## The problem
Set down the records exactly, and omit any image found in them.

(Records from a data collection)
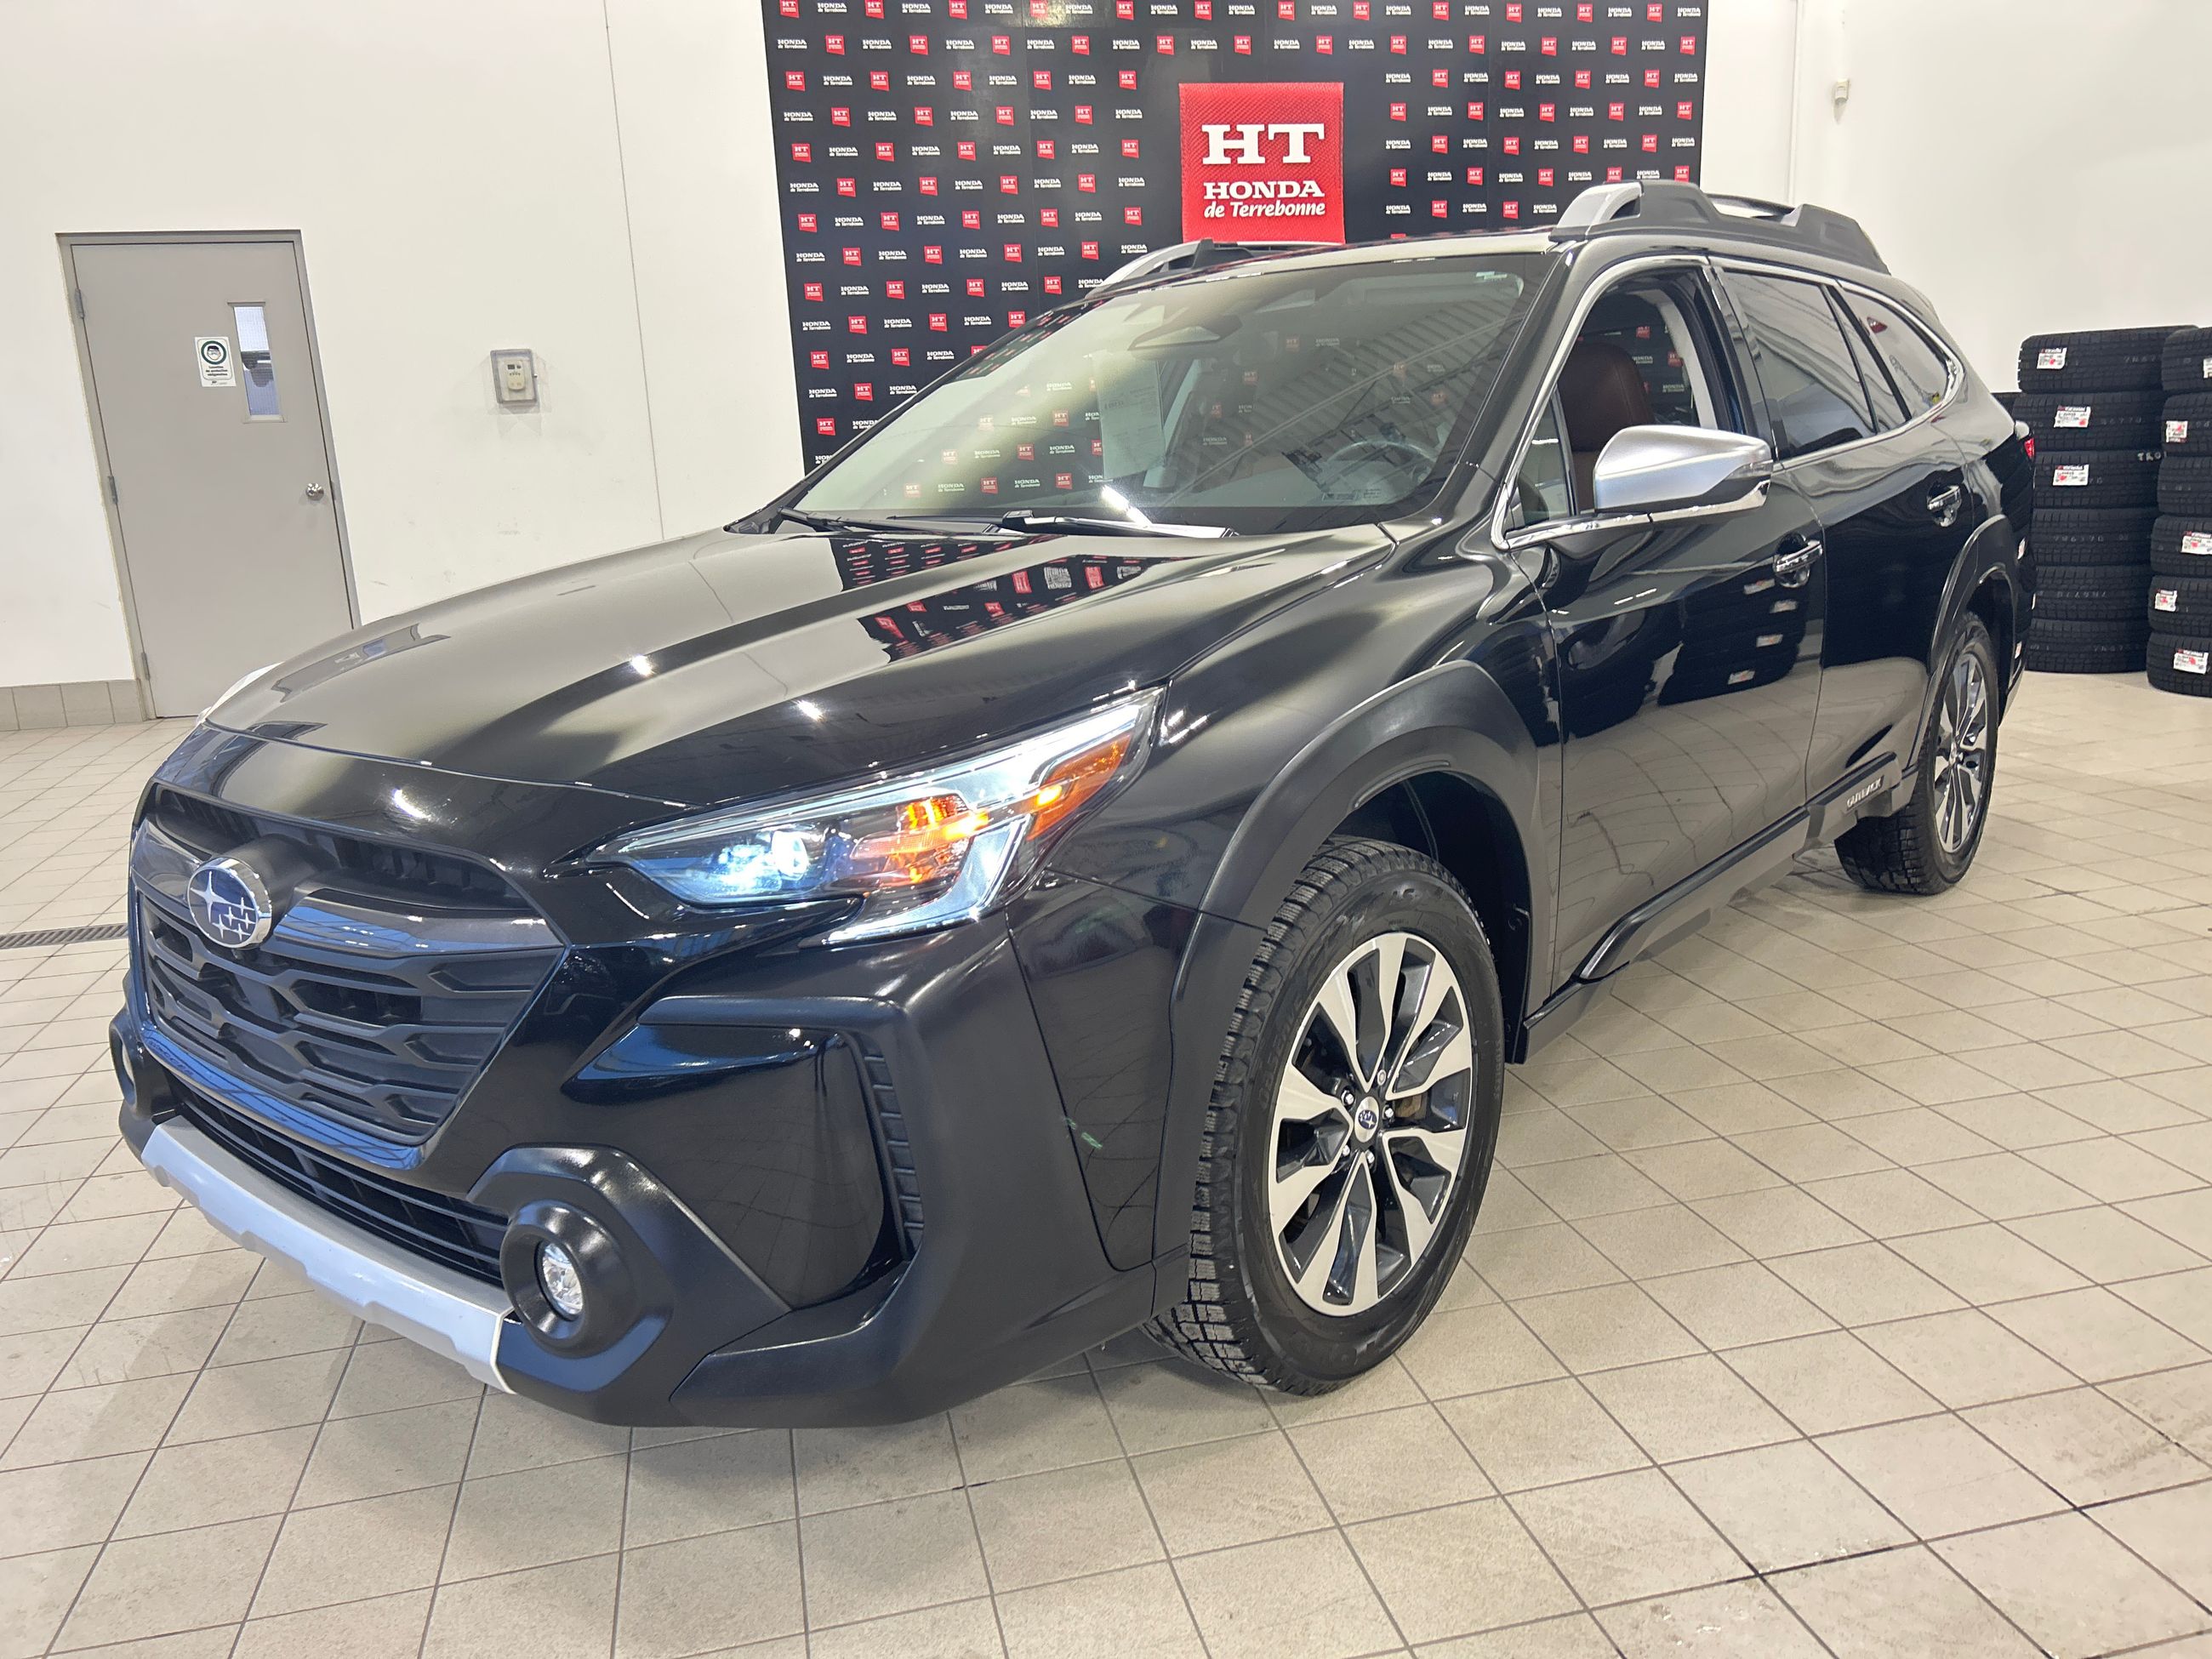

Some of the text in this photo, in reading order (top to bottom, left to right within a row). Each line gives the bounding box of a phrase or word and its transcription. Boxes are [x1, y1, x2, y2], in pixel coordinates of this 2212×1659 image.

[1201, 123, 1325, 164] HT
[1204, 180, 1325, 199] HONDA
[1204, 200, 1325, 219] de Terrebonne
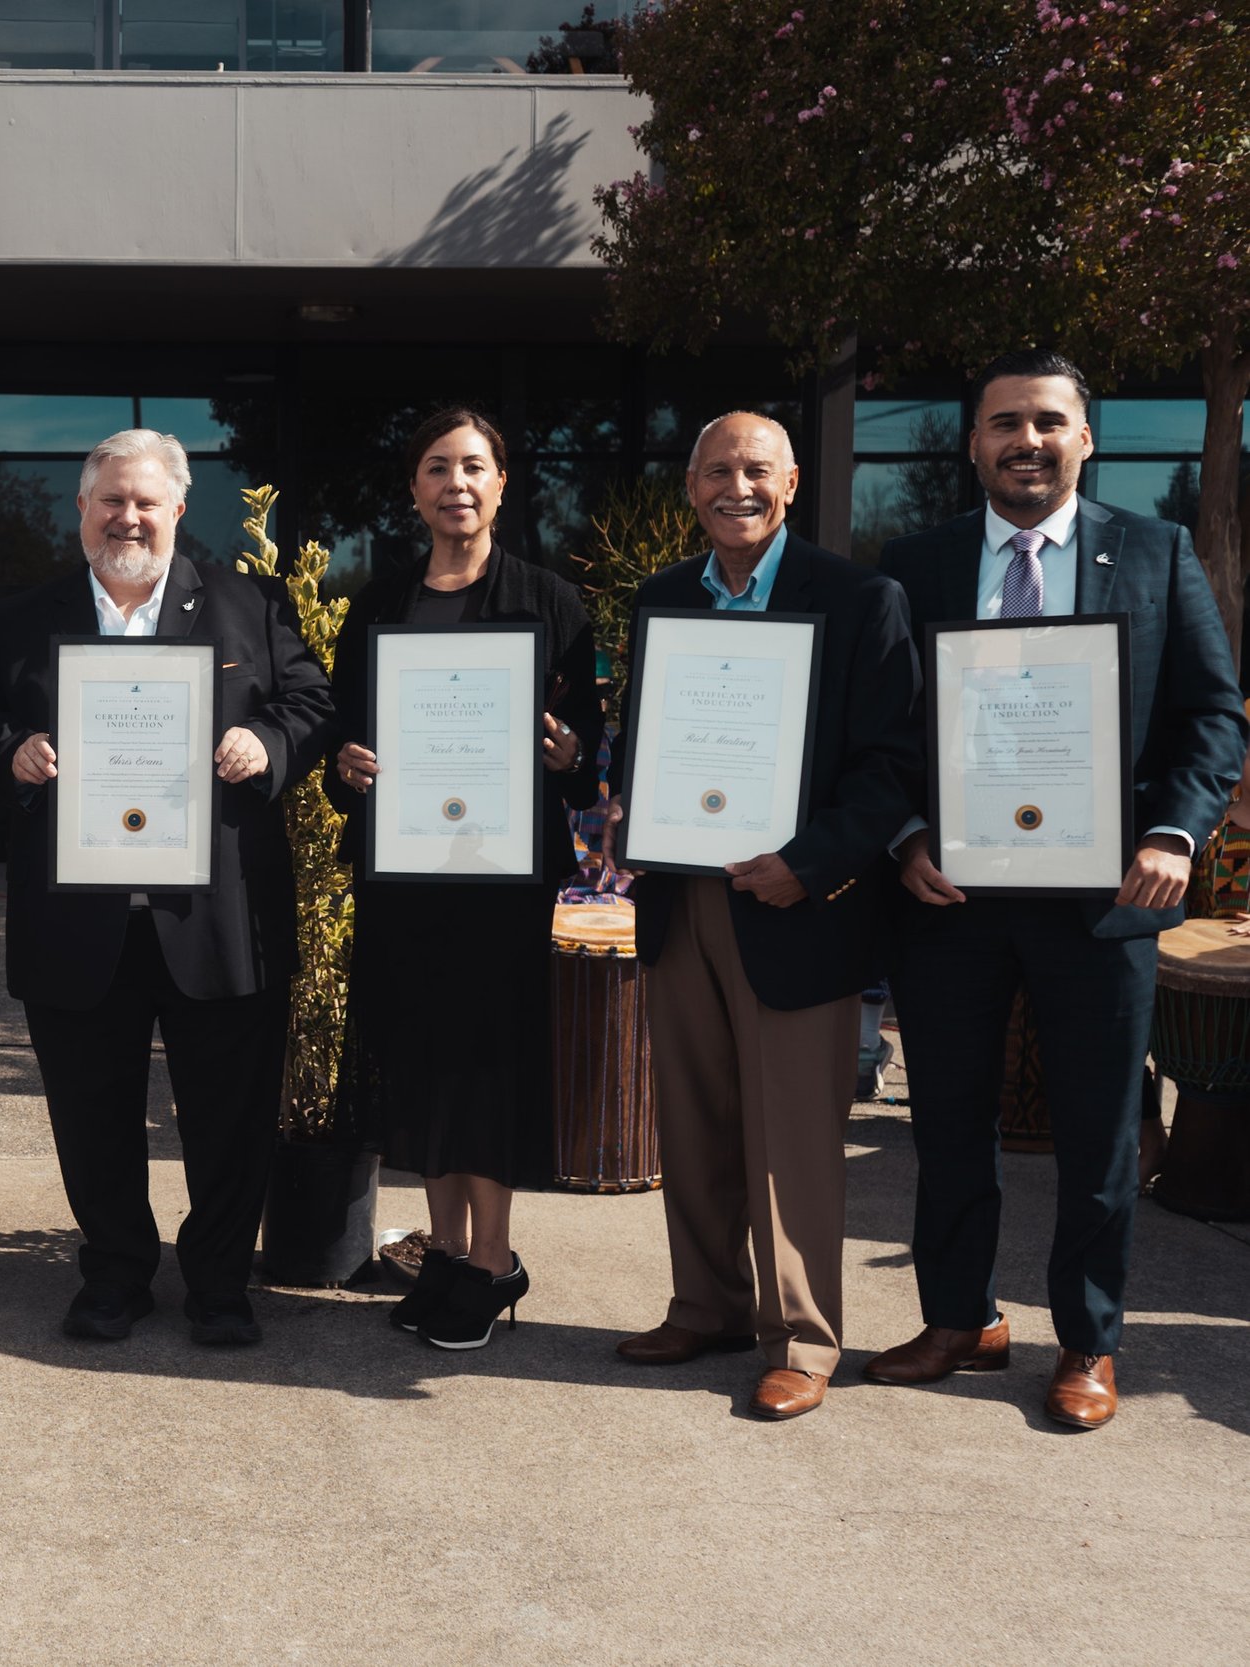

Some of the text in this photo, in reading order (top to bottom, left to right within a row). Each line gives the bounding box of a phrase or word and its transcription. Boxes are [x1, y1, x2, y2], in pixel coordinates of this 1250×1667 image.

## Expected answer
Some of the text in this photo, in reading order (top to bottom, left to right within a row). Each line gives the bounding box of a phrase or word and its transcription. Boxes are [x1, y1, x2, y2], in pixel coordinates of this 2212×1659 image.

[1201, 123, 1325, 164] HT
[1204, 180, 1325, 199] HONDA
[1204, 200, 1325, 219] de Terrebonne

Some of the text in this photo, in reading order (top to bottom, left to right within a row). Each line gives the bounding box of a phrase or word and its transcription. Boxes are [x1, y1, x2, y2], in pixel coordinates of this 1250×1667 image.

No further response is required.